Vascular permeability, with plasma leakge, is a leading cause of death in patietnts with severe dengue. The underlying mechnism contributing to Vascular permeability as well as plasma leakge is undefined,leaving a lack of adequate control measures against the disease.We found that the dengue virus-infected vascular endothelial cells released IFN-λ and were rendered capable of increasing ransepithelial electrical resistance (TEER) by binding of IFN-λ to IFNLR1, suggesting that IFN-λ could prevent plasma leakge by inhibiting Vascular permeability. In this project, on the basis of our initial findings, we will further investigate the exact role for IFN-λ—via paracellular pathway— in improving endothelial permeability; evaluate the effect of IFN-λ on cascade activation of members of the Rho family; observe colocalization of ZO-1/ claudin-5 (tight junction proteins); reveal cross-talk between the promoting-leakage cytokines (IFN-ɑ/β、TNF-ɑ、IL-1β) and the IFN-λ-driven cascade. Taken together, we expect to unravel the exact mechanism by which IFN-λ, as a pretective agent, could enhance endothelial barrier function by inhibiting cell permeability following dengue viurs infection.

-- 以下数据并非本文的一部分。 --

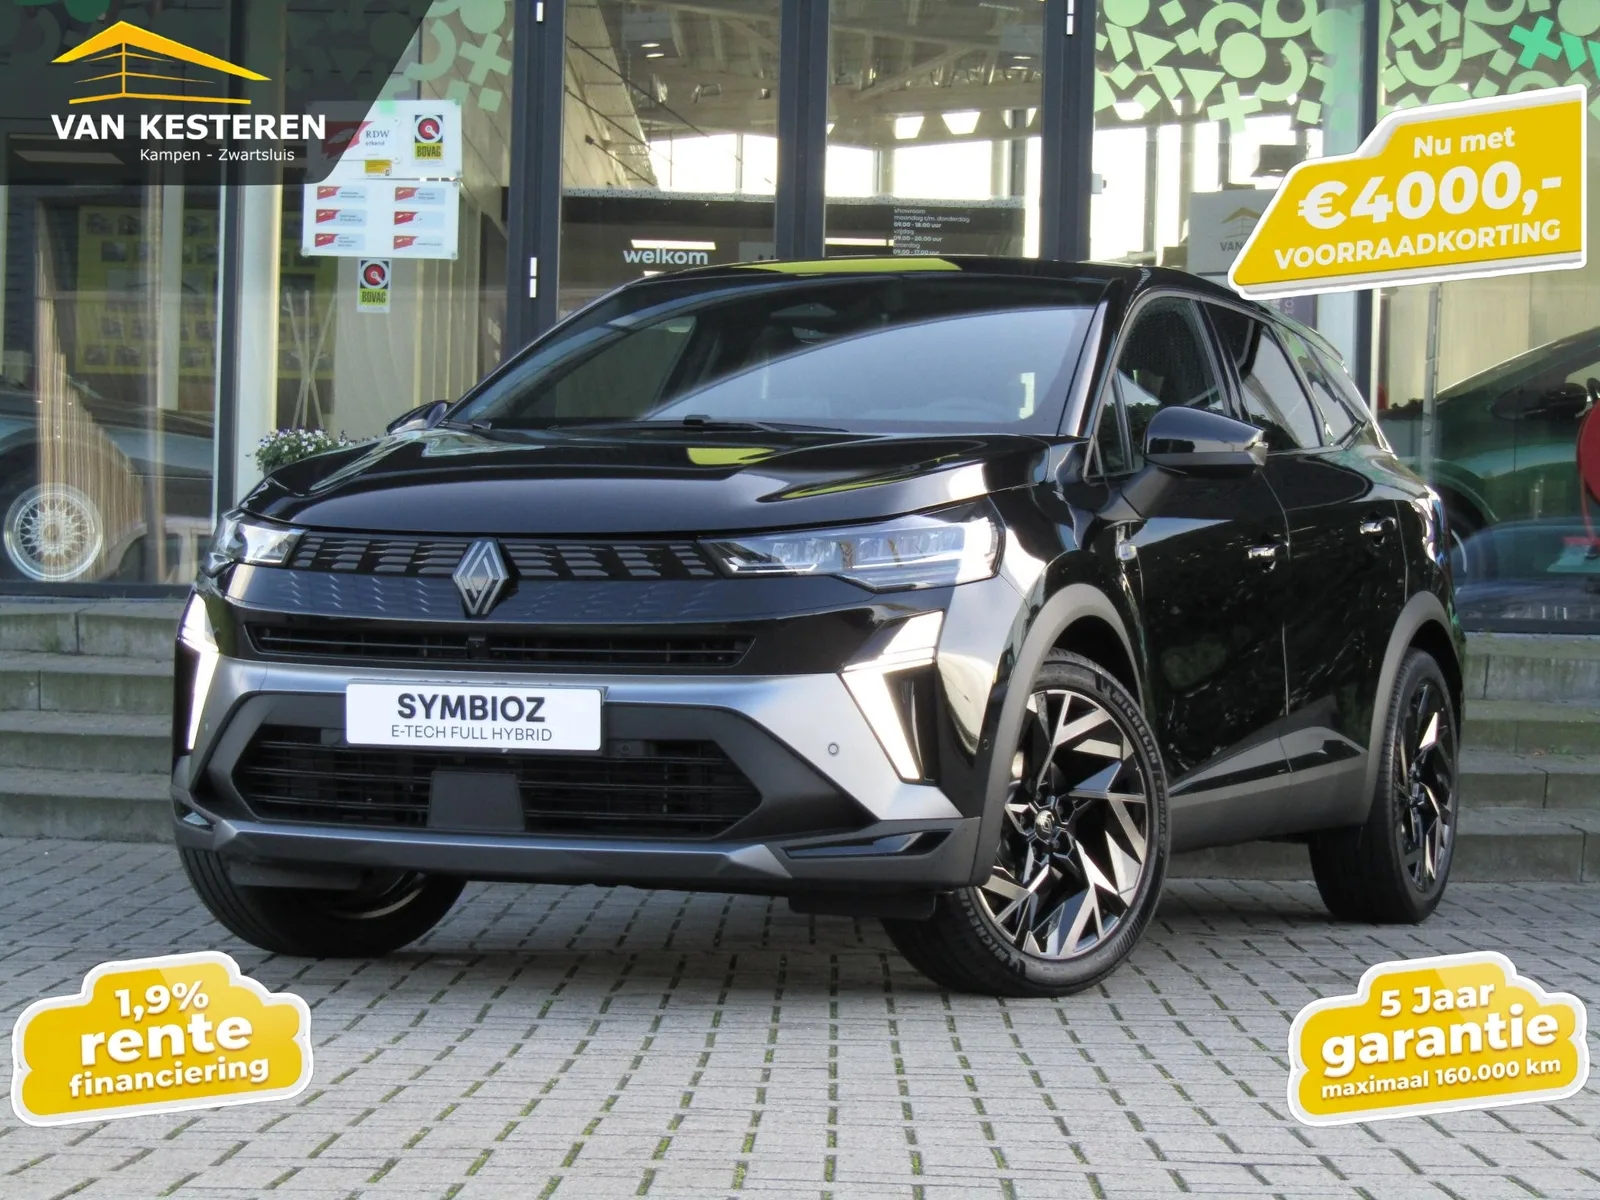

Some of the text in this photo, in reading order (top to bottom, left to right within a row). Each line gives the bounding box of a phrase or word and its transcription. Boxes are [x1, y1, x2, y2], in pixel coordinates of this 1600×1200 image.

[365, 130, 390, 139] RDW
[417, 145, 441, 157] BOVAG
[623, 247, 708, 264] welkom
[362, 291, 386, 303] BOVAG
[398, 693, 545, 722] SYMBIOZ
[392, 725, 551, 741] E-TECH FULL HYBRID
[1112, 691, 1158, 763] MICHELIN
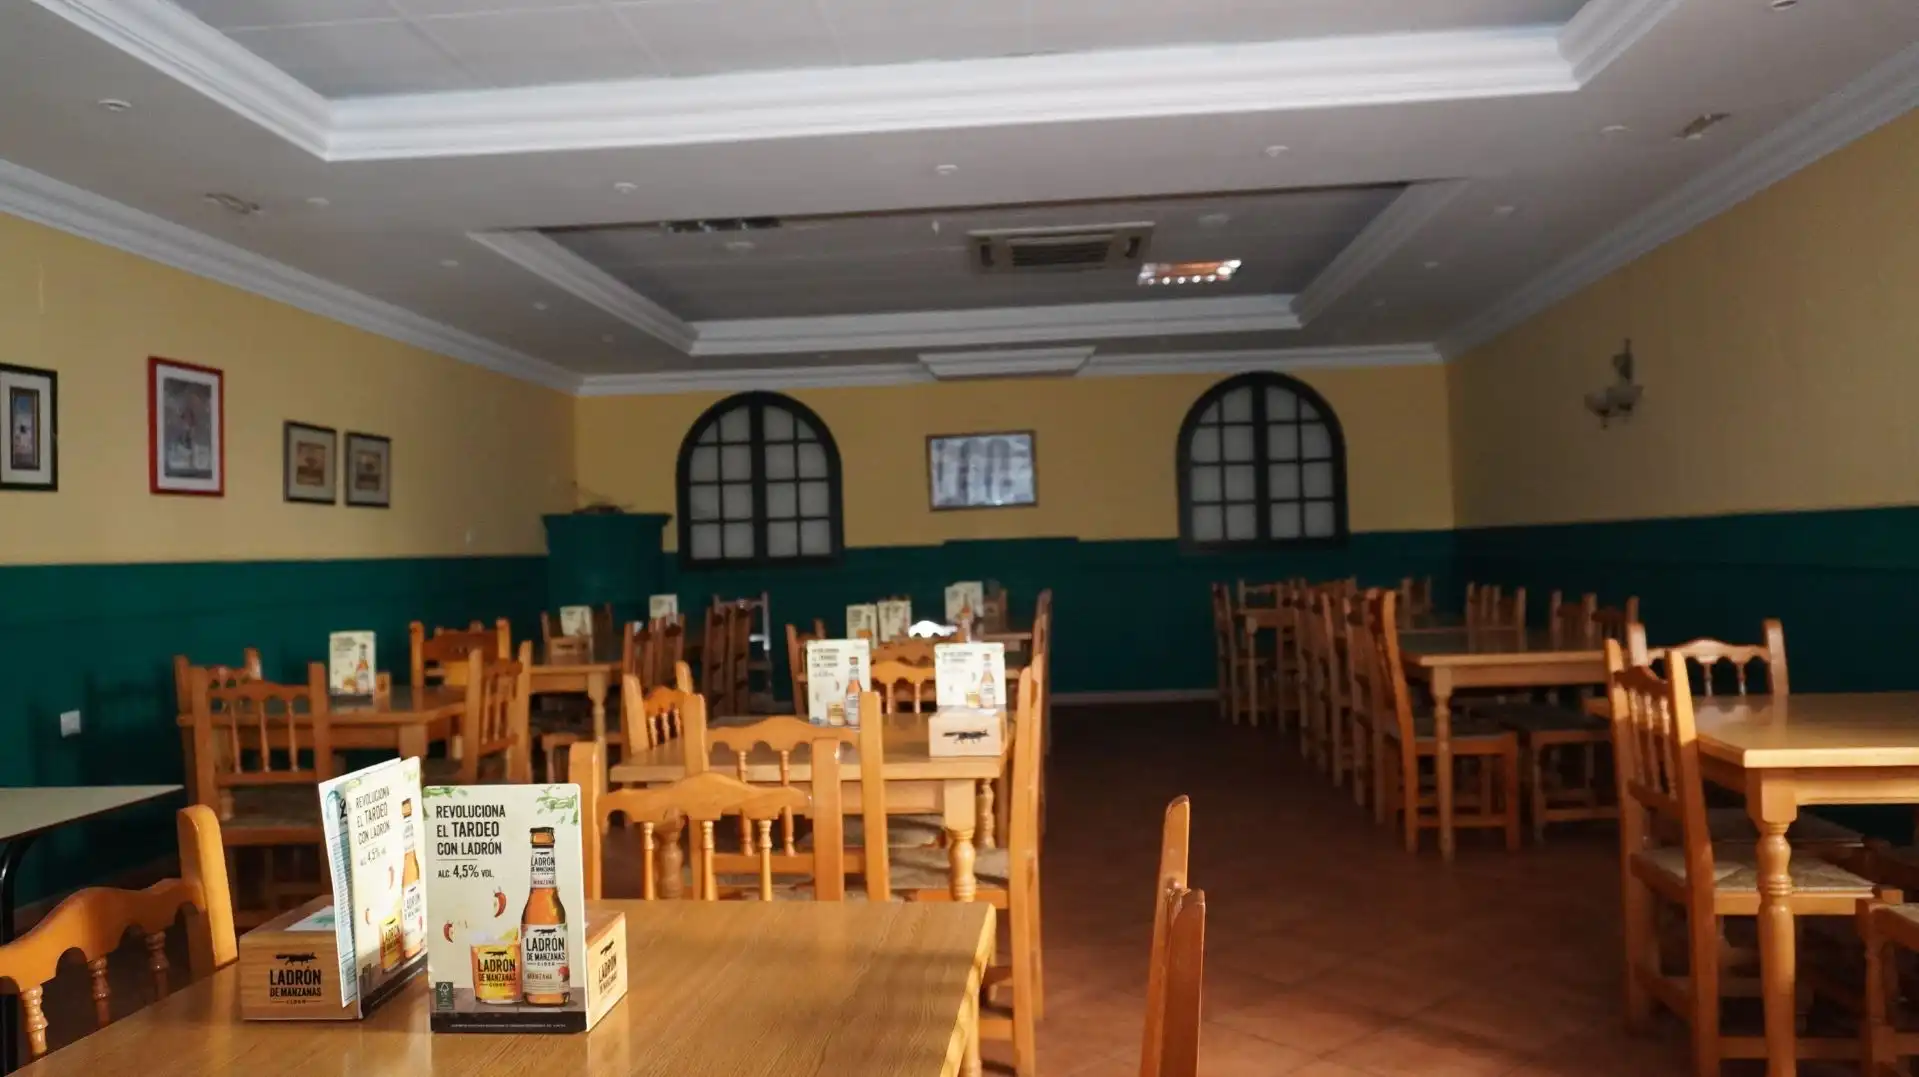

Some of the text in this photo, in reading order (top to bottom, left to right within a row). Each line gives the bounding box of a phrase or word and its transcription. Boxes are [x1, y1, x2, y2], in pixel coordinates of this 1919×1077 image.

[357, 815, 363, 828] EL
[365, 802, 388, 824] TARDEO
[436, 804, 506, 818] REVOLUCIONA
[436, 821, 500, 838] EL TARDEO
[357, 831, 370, 845] CON
[437, 838, 502, 856] CON LADRÓN
[453, 864, 479, 879] 4,5%
[525, 935, 565, 951] LADRÓN
[526, 952, 565, 961] DE MANZANAS
[269, 966, 322, 985] LADRÓN
[270, 987, 322, 997] DE MANZANAS
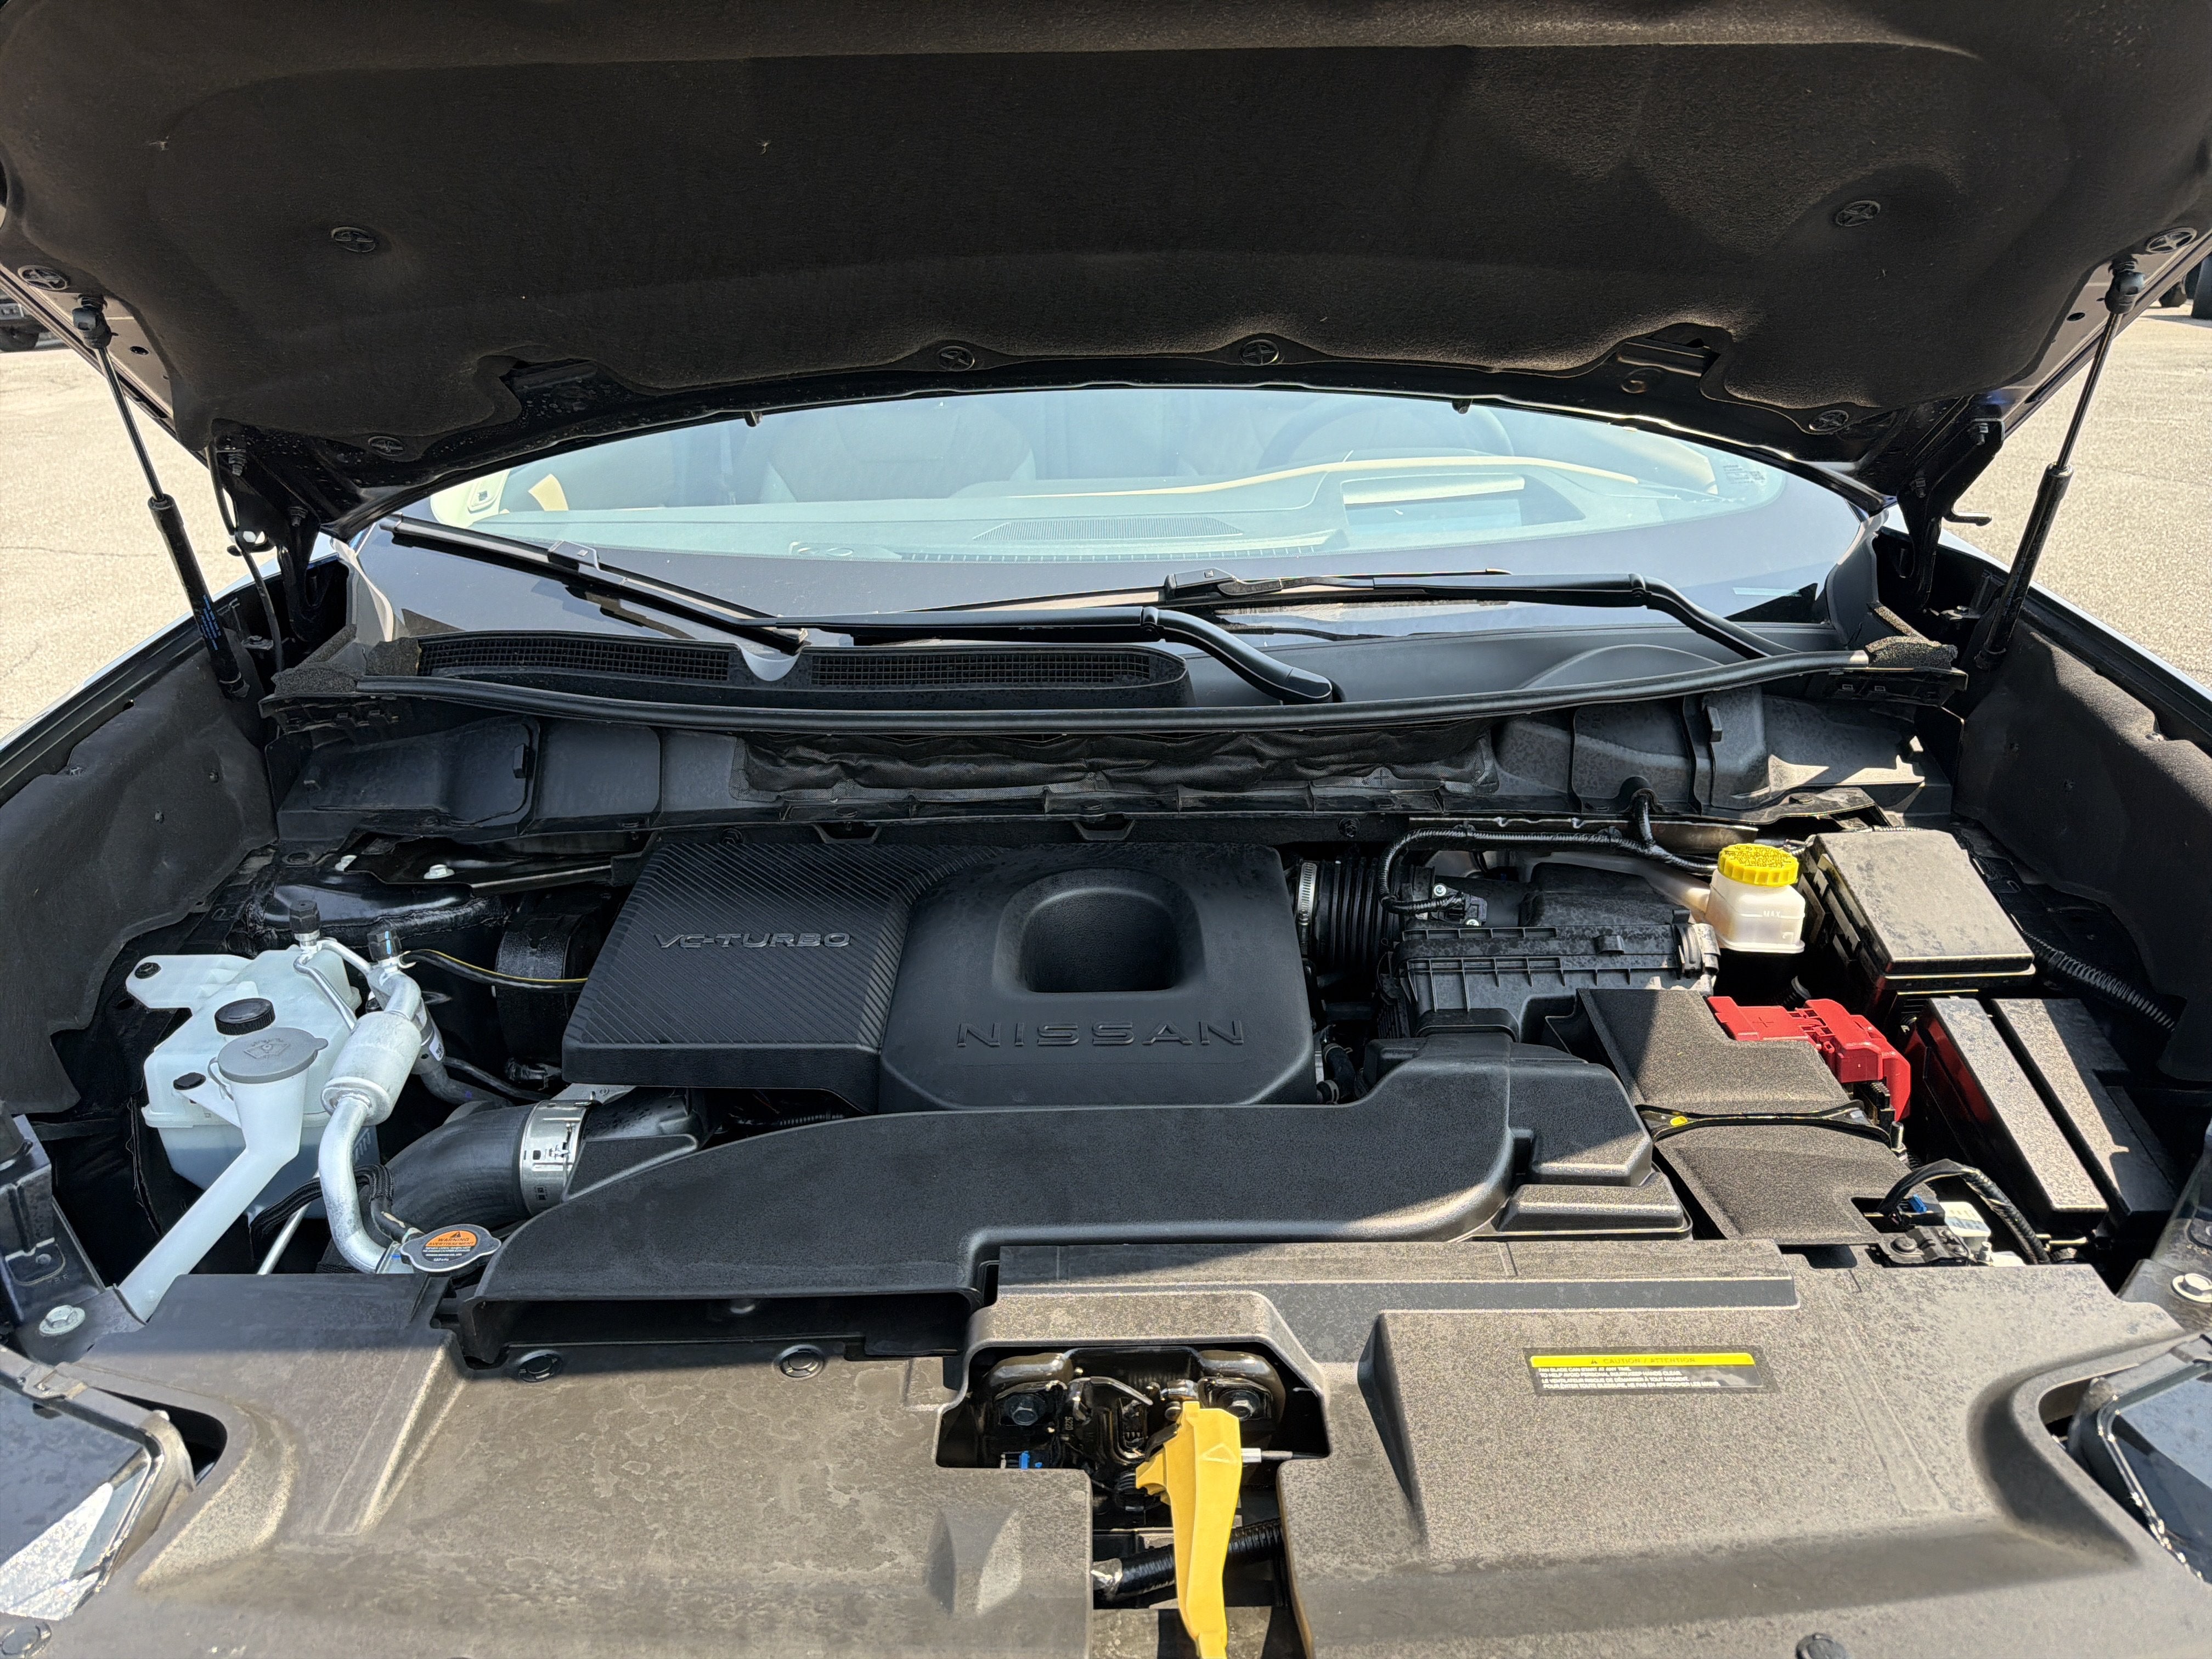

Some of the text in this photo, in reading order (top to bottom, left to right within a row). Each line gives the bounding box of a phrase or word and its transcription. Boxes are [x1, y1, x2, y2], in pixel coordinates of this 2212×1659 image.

[654, 932, 851, 949] VC-TURBO
[957, 1020, 1244, 1047] NISSAN
[1065, 1416, 1074, 1431] 5220

在本研究中，我们对IFN-λ特异性受体IFNLR1在血管内皮细胞上存在可能，以及IFN-λ对血管内皮细胞潜在功能进行了探索。经研究发现，原代人脐静脉内皮细胞表达IFNLR1。IFN-λ可诱导细胞产生IL-8, 但对IL-12的产生没有影响。外源性IFN-λ作用于人原代脐静脉内皮细胞后可导致单层细胞TEER值增高，通透性降低。登革病毒感染人原代脐静脉内皮细胞时，经IFNLR1受体传递的信号参与了登革病毒感染时对通透性增加的负向调控作用。IFNLR1经单克隆抗体封闭后，C57BL/6小鼠被登革病毒感染组织渗漏情况显著增加。本项目的研究使我们认识到IFNLR1存在于血管内皮细胞上，IFN-λ经该受体对血管内皮细胞通透性进行调控，这丰富了我们对IFN-λ生物学功能的认知。